G. Advancing Understanding
The previous sections have contained descriptions of
the current state of knowledge of the climate of the past and present, the current
understanding of the forcing agents and processes in the climate system and how
well they can be represented in climate models. Given the knowledge possessed
today, the best assessment was given whether climate change can be detected and
whether that change can be attributed to human influence. With the best tools
available today, projections were made of how the climate could change in the
future for different scenarios of emissions of greenhouse gases.
Figure 28: The cascade of uncertainties in projections to be considered
in developing climate and related scenarios for climate change impact, adaptation,
and mitigation assessment. [Based on Figure
This Section looks into the future in a different way. Uncertainties are present
in each step of the chain from emissions of greenhouse gases and aerosols, through
to the impacts that they have on the climate system and society (see Figure
28). Many factors continue to limit the ability to detect, attribute, and
understand current climate change and to project what future climate changes
may be. Further work is needed in nine broad areas.
Arrest the decline of observational networks in many parts of the world. Unless
networks are significantly improved, it may be difficult or impossible to detect
climate change in many areas of the globe.
Expand the observational foundation for climate studies to provide accurate,
long-term data with expanded temporal and spatial coverage.
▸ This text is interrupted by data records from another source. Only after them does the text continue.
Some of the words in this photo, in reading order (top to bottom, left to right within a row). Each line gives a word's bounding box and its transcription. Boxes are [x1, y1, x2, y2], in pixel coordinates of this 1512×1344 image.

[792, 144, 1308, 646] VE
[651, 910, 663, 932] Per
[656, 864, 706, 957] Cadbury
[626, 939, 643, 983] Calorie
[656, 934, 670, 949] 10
Given the complexity
of the climate system and the inherent multi-decadal time-scale, there is a
need for long-term consistent data to support climate and environmental change
investigations and projections. Data from the present and recent past, climate-relevant
data for the last few centuries, and for the last several millennia are all
needed. There is a particular shortage of data in polar regions and data for
the quantitative assessment of extremes on the global scale.
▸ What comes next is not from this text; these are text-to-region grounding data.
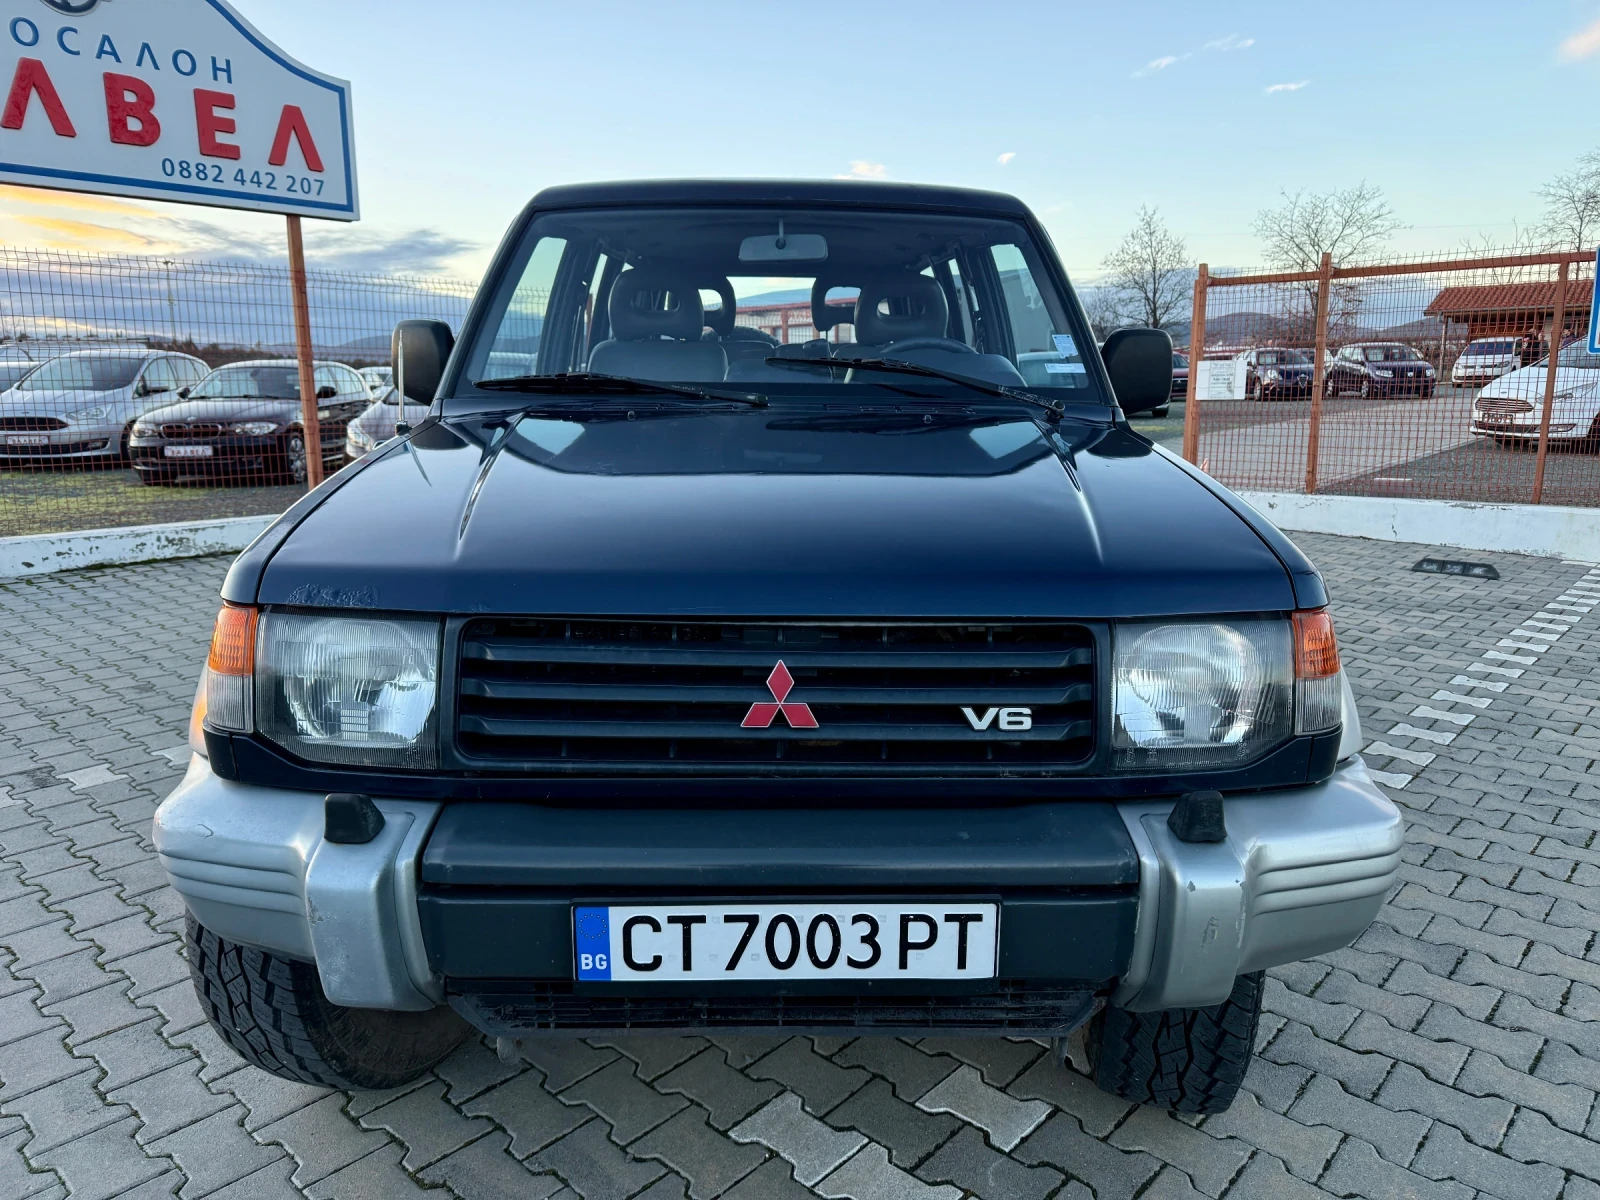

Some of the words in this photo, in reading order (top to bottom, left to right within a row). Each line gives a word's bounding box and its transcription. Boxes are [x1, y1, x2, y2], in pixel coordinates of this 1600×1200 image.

[9, 16, 233, 84] ОСАЛОН
[161, 157, 225, 183] 0882
[233, 171, 278, 190] 442
[286, 175, 325, 196] 207
[960, 706, 1032, 730] V6
[581, 953, 608, 970] BG
[622, 914, 707, 972] CT
[723, 913, 882, 970] 7003
[898, 913, 984, 970] PT
G.2 Climate Processes and Modelling
Estimate better future emissions and concentrations of greenhouse gases and
aerosols. It is particularly important that improvements are realised in deriving
concentrations from emissions of gases and particularly aerosols, in addressing
biogeochemical sequestration and cycling, and specifically, and in determining
the spatial-temporal distribution of CO2 sources and sinks, currently
and in the future.
Understand and characterise more completely dominant processes (e.g., ocean
mixing) and feedbacks (e.g., from clouds and sea ice) in the atmosphere, biota,
land and ocean surfaces, and deep oceans. These sub-systems, phenomena,
and processes are important and merit increased attention to improve prognostic
capabilities generally. The interplay of observation and models will be the
key for progress. The rapid forcing of a non-linear system has a high prospect
of producing surprises.
Address more completely patterns of long-term climate variability. This
topic arises both in model calculations and in the climate system. In simulations,
the issue of climate drift within model calculations needs to be clarified better
in part because it compounds the difficulty of distinguishing signal and noise.
With respect to the long-term natural variability in the climate system per
se, it is important to understand this variability and to expand the emerging
capability of predicting patterns of organised variability such as ENSO.
Explore more fully the probabilistic character of future climate states
by developing multiple ensembles of model calculations. The climate system
is a coupled non-linear chaotic system, and therefore the long-term prediction
of future exact climate states is not possible. Rather the focus must be upon
the prediction of the probability distribution of the system's future possible
states by the generation of ensembles of model solutions.
Improve the integrated hierarchy of global and regional climate models with
emphasis on improving the simulation of regional impacts and extreme weather
events. This will require improvements in the understanding of the coupling
between the major atmospheric, oceanic, and terrestrial systems, and extensive
diagnostic modelling and observational studies that evaluate and improve simulative
performance. A particularly important issue is the adequacy of data needed to
attack the question of changes in extreme events.
G.3 Human Aspects
Link more formally physical climate-biogeochemical models with models of the
human system and thereby provide the basis for expanded exploration of possible
cause-effect-cause patterns linking human and non-human components of the Earth
system. At present, human influences generally are treated only through emission
scenarios that provide external forcings to the climate system. In future more
comprehensive models are required in which human activities need to begin to interact
with the dynamics of physical, chemical, and biological sub-systems through a
diverse set of contributing activities, feedbacks and responses.
G.4 International Framework
Accelerate internationally progress in understanding climate change by strengthening
the international framework that is needed to co-ordinate national and institutional
efforts so that research, computational, and observational resources may be used
to the greatest overall advantage. Elements of this framework exist in the
international programmes supported by the International Council of Scientific
Unions (ICSU), the World Meteorological Organization (WMO), the United Nations
Environment Programme (UNEP), and the United Nations Education, Scientific and
Cultural Organisation (UNESCO). There is a corresponding need for strengthening
the co-operation within the international research community, building research
capacity in many regions and, as is the goal of this assessment, effectively describing
research advances in terms that are relevant to decision making.